- _ASSIGNMENT_:
The records below must be copied in full; omit the images.

- _WORKING DATA_:
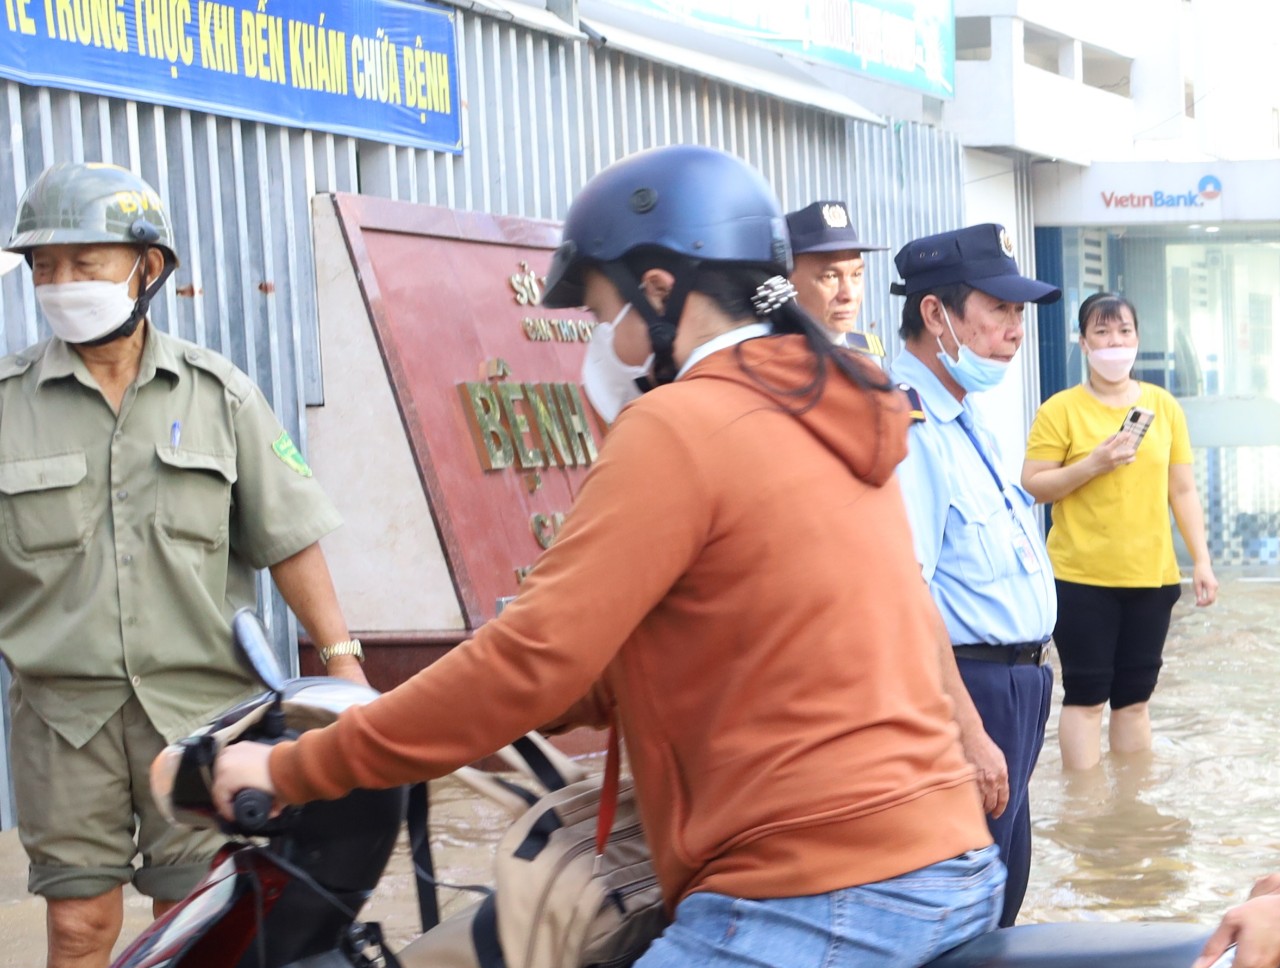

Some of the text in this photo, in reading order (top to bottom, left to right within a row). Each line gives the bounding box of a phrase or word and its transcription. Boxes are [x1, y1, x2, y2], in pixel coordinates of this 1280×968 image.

[198, 1, 239, 75] KHI
[288, 12, 348, 96] KHÁM
[351, 27, 402, 105] CHỮA
[403, 35, 451, 125] BỆNH
[461, 357, 599, 493] BỆNH
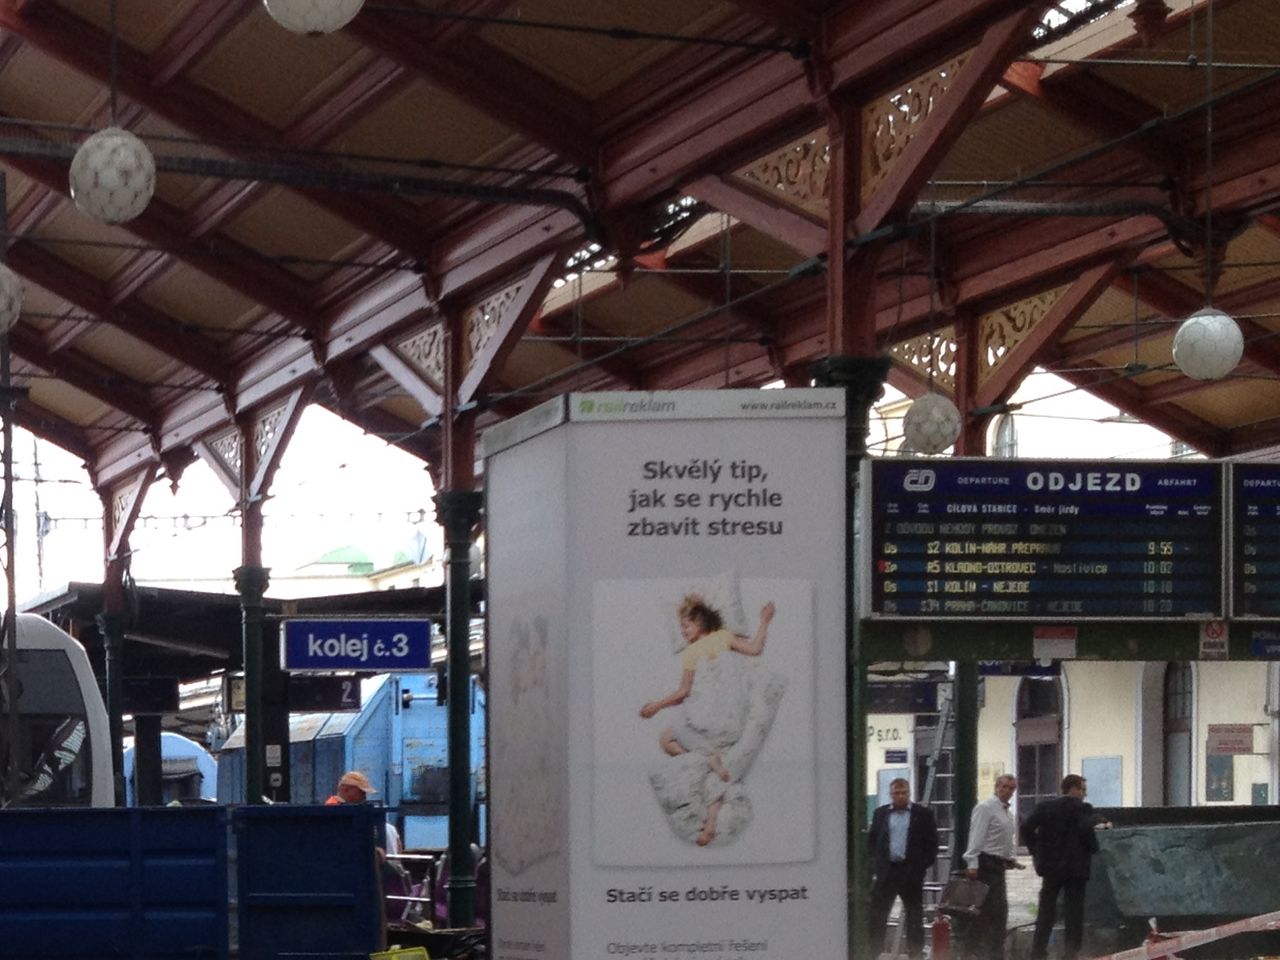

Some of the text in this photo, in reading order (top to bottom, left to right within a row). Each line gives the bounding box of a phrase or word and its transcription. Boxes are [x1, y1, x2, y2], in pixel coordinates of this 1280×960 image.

[643, 459, 768, 483] Skvělý tip,
[1026, 471, 1142, 492] ODJEZD
[628, 489, 783, 512] jak se rychle
[628, 517, 783, 536] zbavit stresu
[308, 634, 369, 662] kolej
[606, 885, 809, 904] Stačí se dobře vyspat
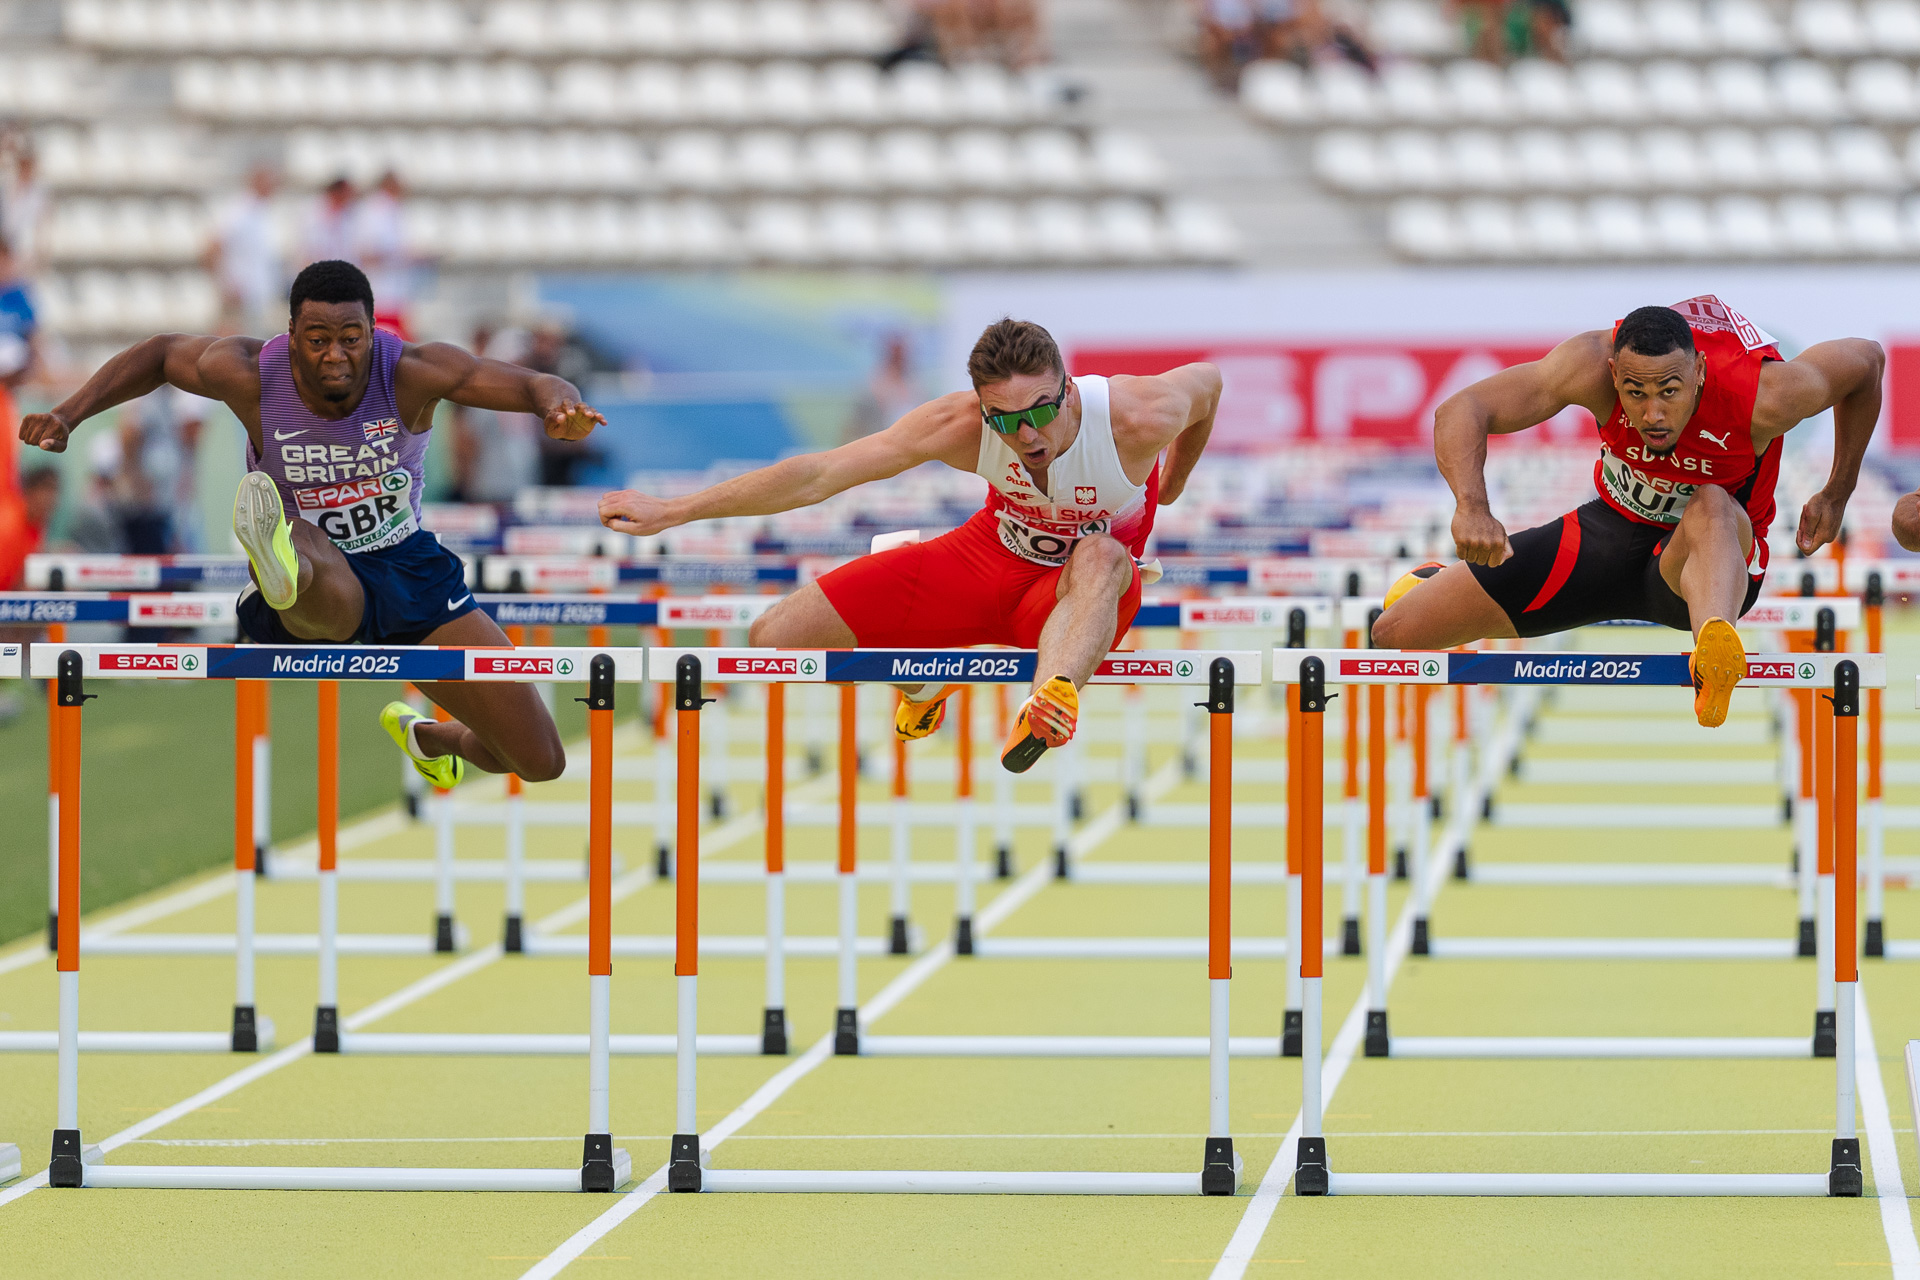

- _OUTPUT FOR THIS TASK_:
Some of the text in this photo, in reading order (top to bottom, left to right within a row). Each line gives the bounding box of a phrase or word and its transcription. Boxes are [x1, y1, x2, y2], in pixel coordinates of this 1280×968 image.

[198, 1, 239, 75] KHI
[288, 12, 348, 96] KHÁM
[351, 27, 402, 105] CHỮA
[403, 35, 451, 125] BỆNH
[461, 357, 599, 493] BỆNH

Some of the text in this photo, in reading order (top to bottom, left to right within a row). Each line gives the bounding box of a phrase or word and its transcription. Boxes are [x1, y1, x2, y2], in pixel coordinates of this 1280×960 image.

[643, 459, 768, 483] Skvělý tip,
[1026, 471, 1142, 492] ODJEZD
[628, 489, 783, 512] jak se rychle
[628, 517, 783, 536] zbavit stresu
[308, 634, 369, 662] kolej
[606, 885, 809, 904] Stačí se dobře vyspat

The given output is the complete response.